It is often said that what a film director really directs is the audience’s attention. The greatest aid to succeed in this aspect usually comes in the form of the actors chosen to portray specific roles and S.S. Rajamouli might have had this in mind when he approached Sridevi to portray Sivagami in his opus Baahubali.
From the looks of the scale of the Baahubali franchise, the production quality and, quite simply, the milestone it was destined to become, there could be little doubt that Sridevi was tailor-made for the character. The actor’s aura by itself could have been reason enough for Rajamouli to imagine her as the iron-willed matriarch who goes through a gamut of emotions in the course of the two films.
It is said that Sridevi demanded Rs 6 crore as remuneration, which was a tad too high for the producers and they ultimately opted for Ramya Krishnan. Ironically enough, Sridevi’s aura made her a natural choice for Sivagami, Ramya Krishnan’s near ‘lack of baggage’ as an actor in the end only helped enhance Sivagami better.
Despite a flourishing career that saw her feature in over 150 films across Telugu, Tamil, Malayalam, Kannada and Hindi cinema, Ramya Krishnan’s name is not the first that that pops into one’s mind when thinking of actors from the 1990s. In addition to Meena, Soundarya or Naghma, Ramya was one of the most popular actresses of the decade and forayed into Hindi films with Yash Chopra’s Parampara (1993) and later became popular as Ballu Balram’s (Sanjay Dutt) moll in Subhash Ghai’s Khalnayak (1993).
Although Ramya was first seen in Feroz Khan’s Dayavaan (1989), where she played the girl in the song ‘Chahe Meri Jaan Tu Le Le’, it was only with films like Khalnayak and later Criminal (1995) and Chaahat (1994), her paramount Hindi roles, that she stood out. For Hindi audiences, Ramya, at best, could be slotted between a Sridevi and a Madhavi, who starred in Andha Kanoon (1983), Geraftaar (1985) and Agneepath (1990).

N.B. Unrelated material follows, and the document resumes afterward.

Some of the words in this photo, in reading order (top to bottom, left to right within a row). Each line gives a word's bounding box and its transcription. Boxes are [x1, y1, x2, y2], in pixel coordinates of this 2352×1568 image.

Ramya’s popularity in the context of Hindi films dipped post Bade Miyan Chote Miyan (1998) but elsewhere things were only looking up. She featured opposite Rajinikanth in Padaiyappa (1999) and hit a peak of sorts by winning the Filmfare Award (Tamil) for Best Actress as well. This was before Baahubali, of course, which, in a way, has not only elevated Ramya to a different league altogether but also made her peerless.

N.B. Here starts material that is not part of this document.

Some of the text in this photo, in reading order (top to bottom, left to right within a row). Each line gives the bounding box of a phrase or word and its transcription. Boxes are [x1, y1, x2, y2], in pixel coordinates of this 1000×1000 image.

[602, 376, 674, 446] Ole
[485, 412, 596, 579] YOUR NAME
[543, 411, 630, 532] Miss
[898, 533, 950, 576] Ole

Today, it would be impossible to imagine any other actor besides Ramya Krishnan as Sivagami but for the sake of argument, could Sridevi have played it better?
There is no denying that Sridevi’s histrionics would have presented an entirely different interpretation of Sivagami but would she really have been better?

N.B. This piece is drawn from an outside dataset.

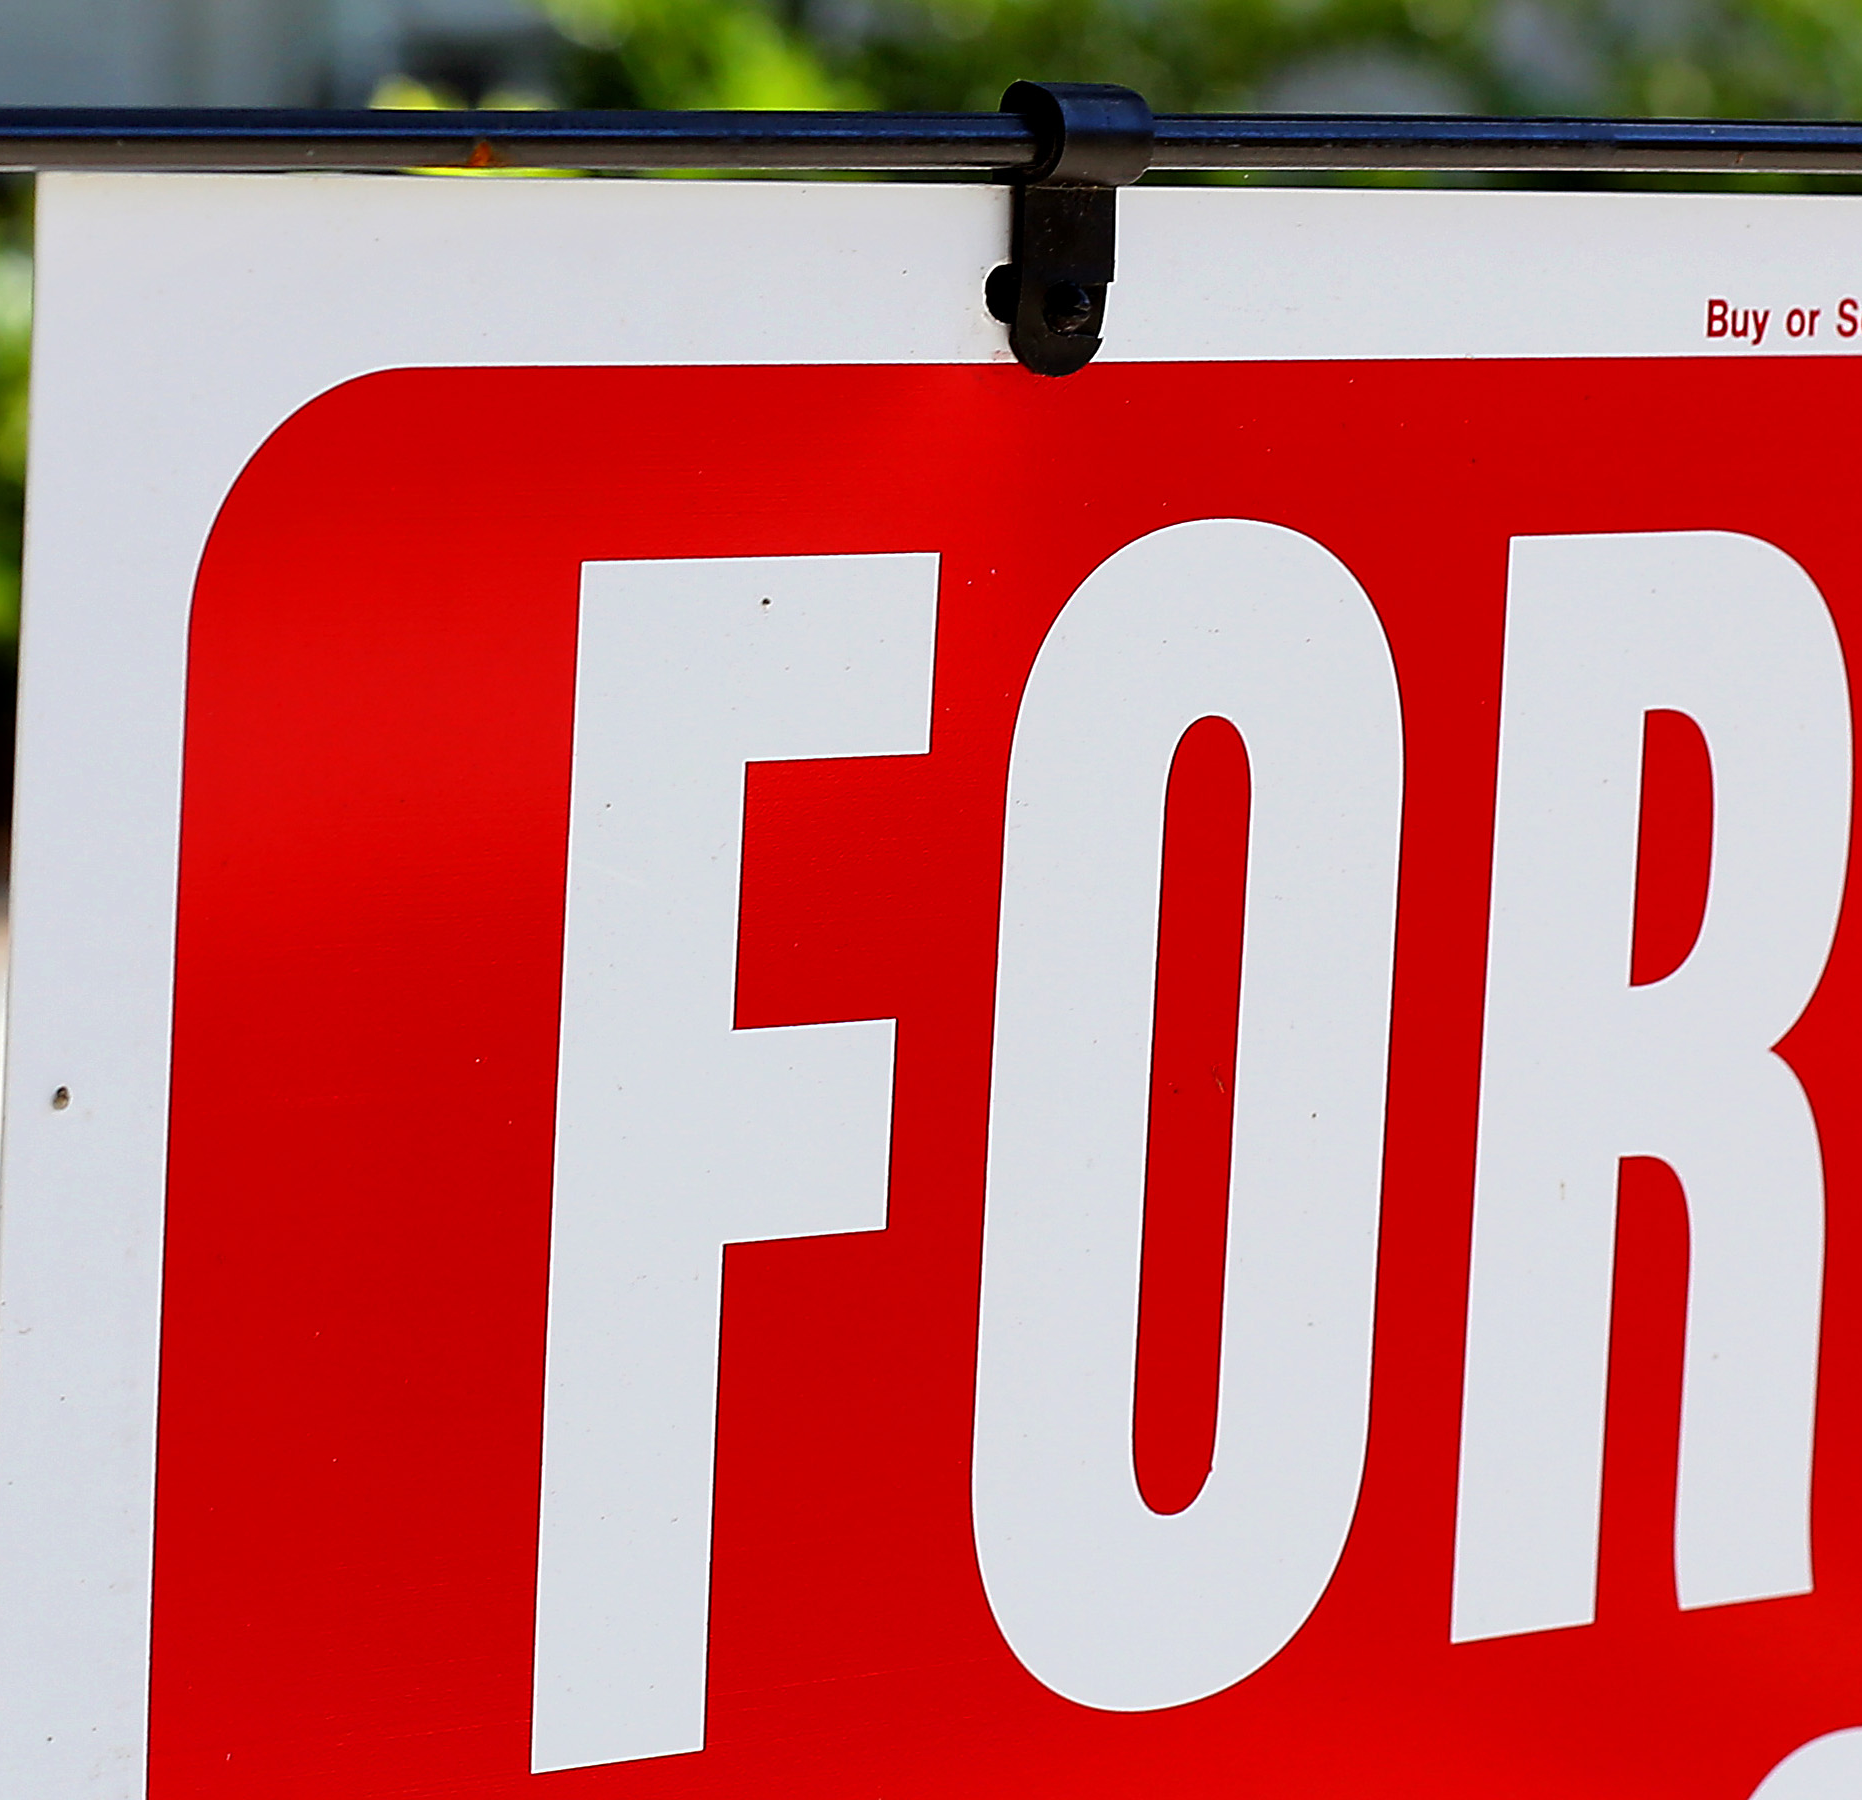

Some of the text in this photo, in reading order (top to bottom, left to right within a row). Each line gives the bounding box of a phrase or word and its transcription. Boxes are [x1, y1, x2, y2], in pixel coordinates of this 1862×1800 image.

There are two scenes in the Baahubali 2: The Conclusion that compel this writer to believe that Sridevi would have been superior to Ms Krishnan. At the onset, this is not to say that Ramya Krishnan did not ‘nail it’ when it came to Sivagami but the two set pieces – one where Amarendra Baahubali (Prabhas) revolts against Sivagami in the court in front of everyone and the second where Sivagami realizes her folly - of believing her son, Bhallaladeva (Rana Daggubati), and her husband, Bijjala Deva (Nassar), and ordering the assassination of Baahubali – show how she probably fell short than what Sridevi could have managed.
These two scenes and especially the former where Sivagami has to live an entire lifetime in a matter of seconds where she witnesses her ‘son’ Amarendra freeing himself from her shadow and become bigger than her own self could have been the ones that prompted Rajamouli to envision Sridevi as Sivagami. The sheer range that Sridevi portrays in such scenes as seen in Moondram Pirai (1982), which was later remade as Sadma (1983) in Hindi, or Lamhe (1991) where she filters the entirety of her character in one singular moment is what possibly made her a no-brainer for Sivagami.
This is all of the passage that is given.